Pesto’s Lesson: Clinging vines belong on wallpaper. Few things are more self destructive than thinking that your happiness depends upon another person, career goal or material object. This behavior invariably produces a “Is that all there is?” emptiness at the end of the rainbow. Realizing that your acceptance of and belief in yourself is primary to how you are perceived by others. You are special and celebrate that!
©sandrahart2012

The Rewards Of Prison Life

Sofi, My Prison Dog
She was running. Running from what she could never reveal. Running to go home, sorry she ever left? Running for her life? We’ll never know because the authorities picked her up before her end game could unfold. If she even had one.

She must have decided her escape route would be the backroads of Oldham, a small town north of Lexington in Kentucky. Safer, or maybe a better way home. The county sheriff apprehended her. Ended her plans. Picked her up with her hair all askew, her primitive tattoo obscured by the unwashed skin on her stomach. She was a mess in more ways than one. Nothing else to do but throw her in prison. Lock her up safely behind bars to keep her from running again.

Well actually it was the Luther Luckett Correctional Complex in LaGrange, the first security institution to be built in Kentucky since the Kentucky State reformatory in 1937. The mission there is to prepare incarcerated felons to be capable of contributing to society in a positive manner upon release through the use of constructive classification, program and work assignment opportunities. What better place for her.

It was during her eight week incarceration there, that I first heard about Frannie through my daughter, Alison. She has always been active in rescuing those in need and when she met with Frannie, she immediately realized that her mother and Frannie would be able to help one another. Kindred souls, so to speak.

Frannie was in Camp Canine at the correctional complex, a joint venture between The Humane Society, Animal Control and Dr. Phil Heye LaGrange Animal Hospital. The program has 14 inmates and 12 dogs. Twelve trainers,one clerk and one janitor to take care of the messes. The inmates are responsible for the dogs 24 hours a day, seven days a week. Frannie was assigned to one of those inmate handlers. During the course of this program the dogs are trained in basic obedience commands, so they will be more adoption friendly. Each dog must pass the AKC “Canine Good Citizens Test”.

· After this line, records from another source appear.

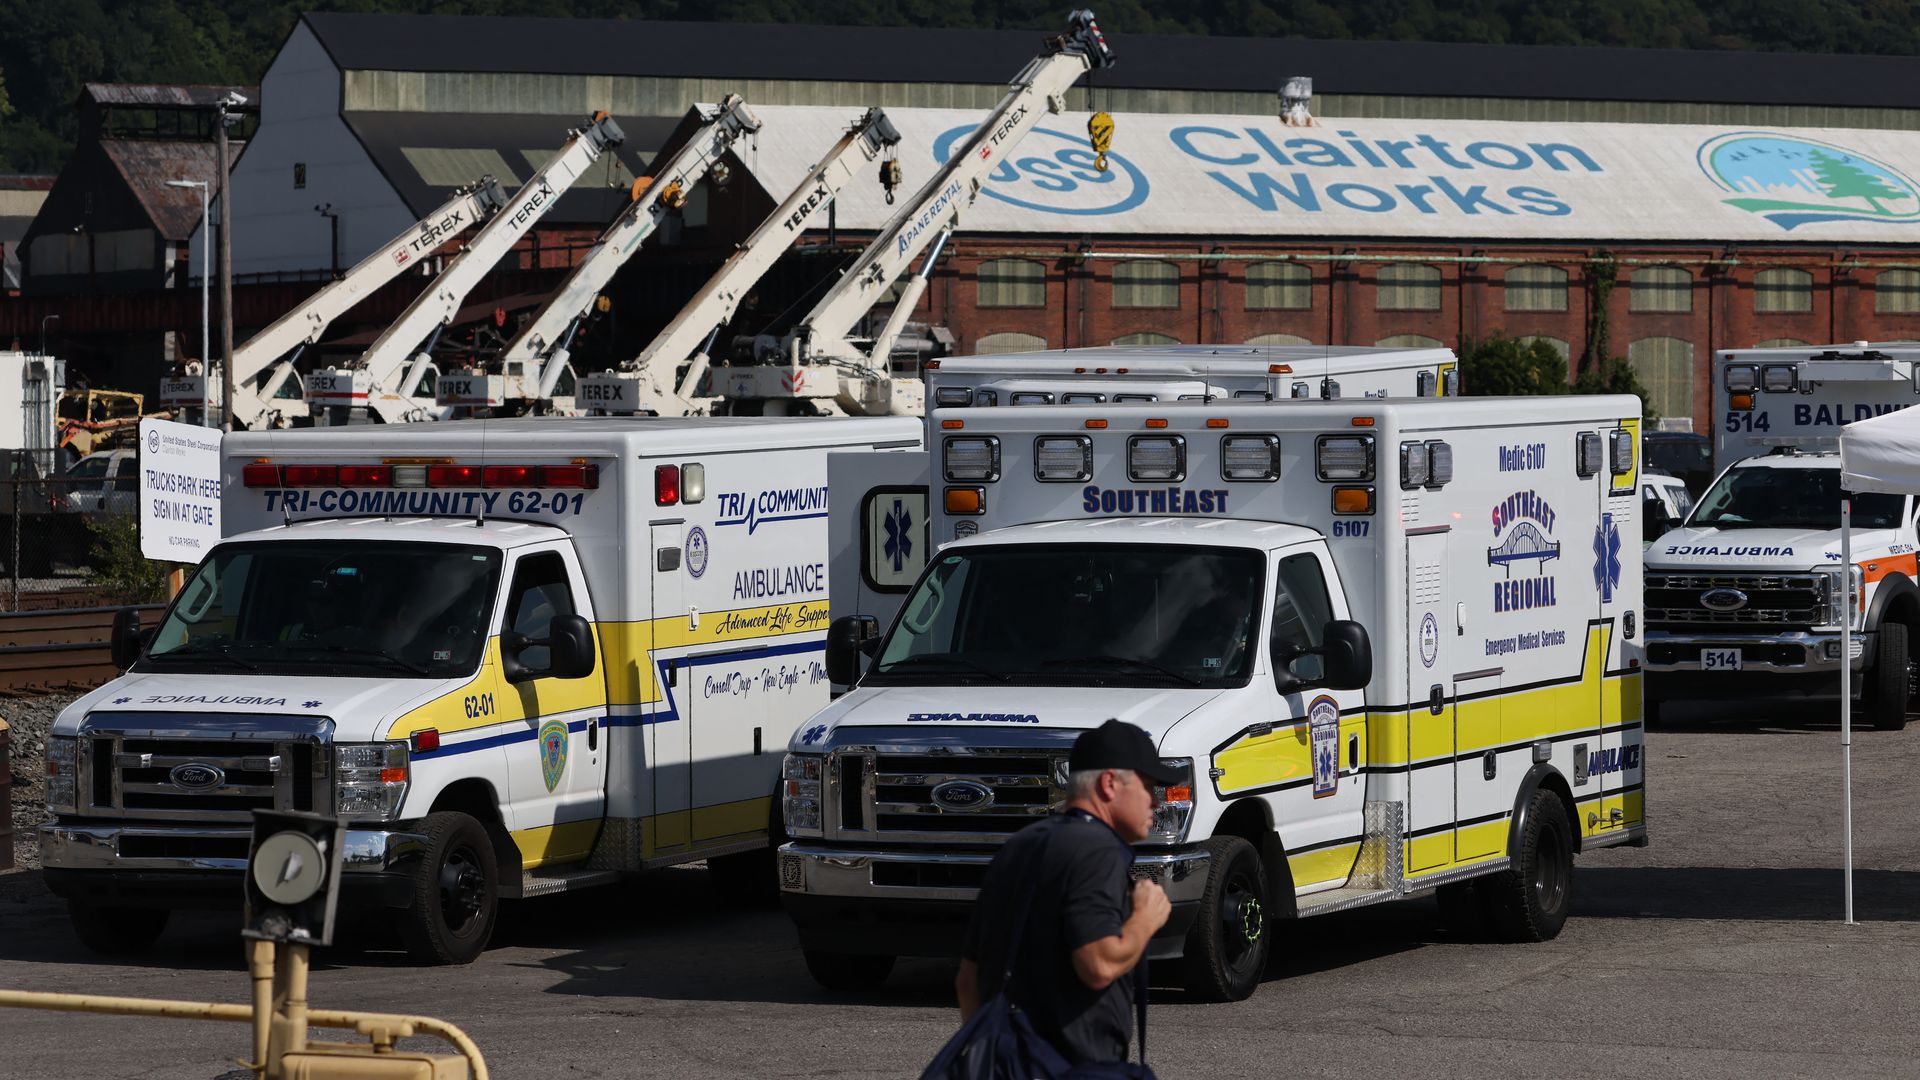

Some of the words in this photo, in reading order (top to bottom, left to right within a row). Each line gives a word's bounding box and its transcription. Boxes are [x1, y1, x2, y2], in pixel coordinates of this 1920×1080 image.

[990, 104, 1029, 146] TEREX
[1169, 125, 1604, 173] Clairton
[508, 184, 552, 231] TEREX
[784, 184, 828, 232] TEREX
[930, 179, 962, 219] RENTAL
[1204, 171, 1574, 217] Works
[409, 211, 464, 252] TEREX
[167, 382, 195, 393] TEREX
[439, 380, 472, 396] TEREX
[582, 384, 623, 401] TEREX
[1725, 411, 1770, 433] 514
[1794, 403, 1911, 426] BALD
[175, 437, 187, 447] States
[1499, 444, 1525, 472] Medic
[1527, 443, 1546, 471] 6107
[146, 469, 176, 493] TRUCKS
[178, 474, 198, 497] PARK
[199, 478, 221, 500] HERE
[153, 498, 171, 519] SIGN
[172, 502, 180, 521] IN
[181, 503, 191, 523] AT
[193, 505, 213, 526] GATE
[263, 489, 501, 514] TRI-COMMUNITY
[508, 491, 585, 515] 62-01
[717, 492, 746, 517] TRI
[1333, 520, 1370, 538] 6107
[733, 563, 824, 601] AMBULANCE
[1494, 575, 1557, 613] REGIONAL
[715, 611, 770, 635] Advanced
[769, 606, 793, 633] Life
[1485, 637, 1517, 656] Emergency
[1518, 631, 1540, 651] Medical
[1541, 629, 1566, 647] Services
[1705, 651, 1737, 668] 514
[704, 671, 733, 699] Carroll
[761, 667, 778, 692] New
[778, 665, 800, 695] Eagle
[465, 692, 495, 719] 62-01
[1587, 743, 1640, 777] AMBULANCE

I was on pins and needles during Frannie’s jail time. I was accepted as her adoptive mother, so that hurdle was jumped, but would she pass her tests and graduate? With my three children (none of whom have ever been in jail, thankfully) I had already been there and done that, so I was not too keen at my ‘over fifty’ age on going through this one more time. I was in love with my new little girl and did not want to be heartbroken if she had to stay longer or, as in some cases, not graduate at all.

Finally, the call came and I boarded a Continental flight to Cincinnati where Alison drove me to the Correctional Complex. Without phone or anything that would ‘bling’ I passed through the metal detectors and my Frannie was brought out with a bright yellow lead around her neck. She was beautiful and, for me, it was love at first sight. She was a year old cream-colored Lhasa Apso with a flowing plumed tail curled over her back. I cried. The administrator cried. I was told Frannie’s handler (we are both anonymous to one another) also cried as he handed her over for her jail walk to meet her new mother.

My husband’s late mother was named Frannie, so it was rather awkward calling our new dog the same name. Frannie quickly became Sofi (we live in Sofi in South Beach, Florida) and she has been a wonderful part of our family for four years now. Each Christmas Sofi sends a card to the folks at Camp Canine with a request to hand it over to her handler. And every time she curls next to me or looks up at me with that sweet face, I am so glad that she got in trouble and wound up in prison. Sometimes prison can be a good thing under certain circumstances. Incarceration in her case gave both of us a second chance for a new and better life.*

*My husband and I had been mourning the death in the months prior to finding Sofi our six year old Harley, a Shih Tzu.